When it comes to losing weight and burning belly fat, most people think they need to spend hours in the gym. However, the truth is, you can get a great workout in just 20 minutes. In this blog post, we’ll show you a high-intensity circuit workout that will help you burn belly fat fast. But before we get into the workout, it’s important to note that spot reduction is not possible – no workout will help you lose fat from one specific area only. If you want to get rid of extra fat from your body, you need to focus on two things: being in a calorie deficit and consistent with your workouts.

Being in a calorie deficit means you’re burning more calories than you’re consuming. And by incorporating this 15-minute belly fat burner workout into your fitness routine, you can help increase the number of calories you burn. So, let’s dive into the workout.

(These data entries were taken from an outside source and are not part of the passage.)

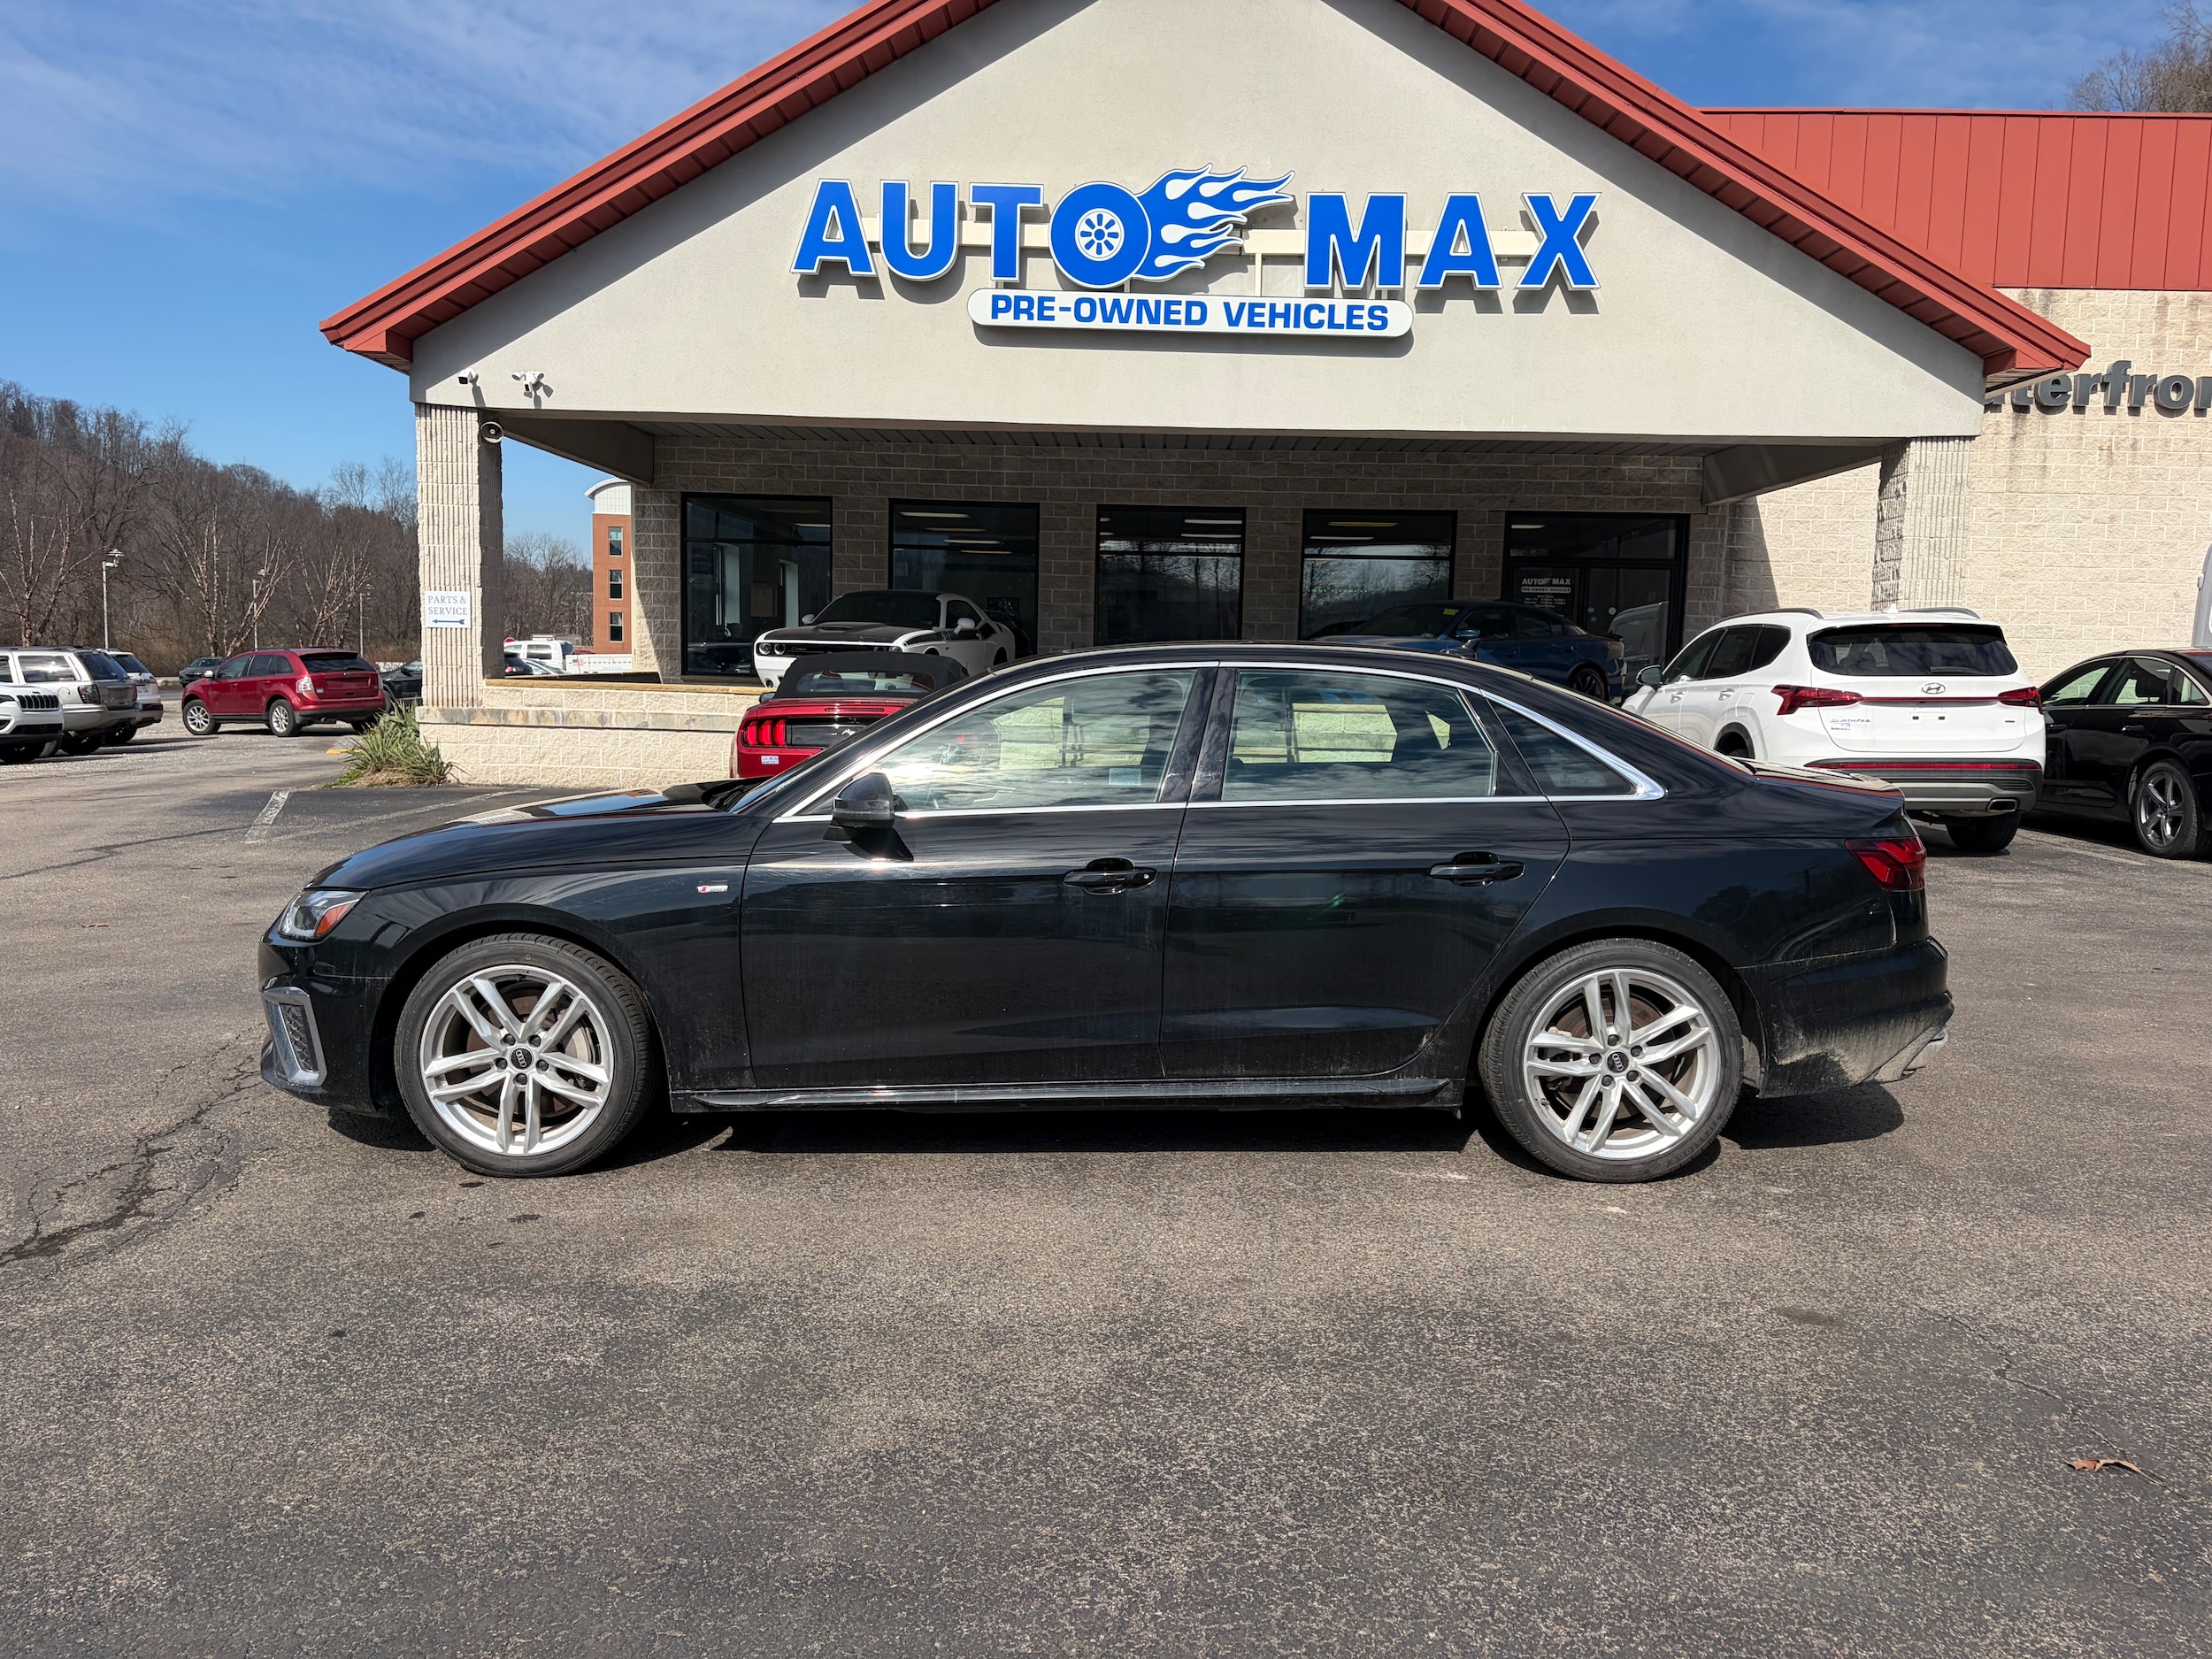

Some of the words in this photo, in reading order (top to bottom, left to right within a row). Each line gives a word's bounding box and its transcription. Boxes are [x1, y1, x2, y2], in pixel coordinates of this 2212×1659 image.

[790, 179, 1152, 289] AUTO
[1303, 192, 1602, 290] MAX
[990, 294, 1209, 326] PRE-OWNED
[1223, 302, 1389, 331] VEHICLES
[427, 595, 458, 604] PARTS
[459, 595, 467, 604] &
[427, 606, 468, 616] SERVICE

Repeat this circuit 2-3 times and rest for 2 minutes between sets.

1. Jump rope: 60 seconds. Rotate your wrists to swing the rope and jump on the balls of your feet.

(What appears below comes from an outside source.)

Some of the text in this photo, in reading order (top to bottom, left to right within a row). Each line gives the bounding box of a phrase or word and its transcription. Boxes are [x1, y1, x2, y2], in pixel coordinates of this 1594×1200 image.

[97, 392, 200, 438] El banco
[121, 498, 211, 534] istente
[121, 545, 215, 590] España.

2. Sprinter crunch: 45 seconds. Lie on your back with your legs fully extended and your arms bent and by your sides. Lift your torso off the floor, bend your right leg, and bring your right knee close to your left elbow. Repeat on the opposite side.

3. Leaning camel: 60 seconds. Get down on your knees, with your thighs perpendicular to the floor, and hold a dumbbell in front of your chest. Slowly lean your torso back and then return to the initial position.

4. Stutter steps: 30 seconds + 30 seconds. Stand up, extend one leg back and raise your arms above your head. As you crunch, bring your back knee up and bend your arms. Repeat for 30 seconds and switch sides.

5. Spiderman plank: 45 seconds. Start in a low plank position and bring your right knee to your right elbow. Extend your right leg back and repeat with the left leg.

6. Bird dog: 60 seconds. Start on your hands and knees, with the hands under the shoulders and the knees under the hips. Extend one leg and the opposite arm at the same time and pause. Switch sides and repeat.

7. Toe touch: 45 seconds. Lie on your back, holding a dumbbell with both hands, and lift your legs until they’re perpendicular to the floor. Extend your arms, lift your shoulders off the floor and try touching your feet with the dumbbell.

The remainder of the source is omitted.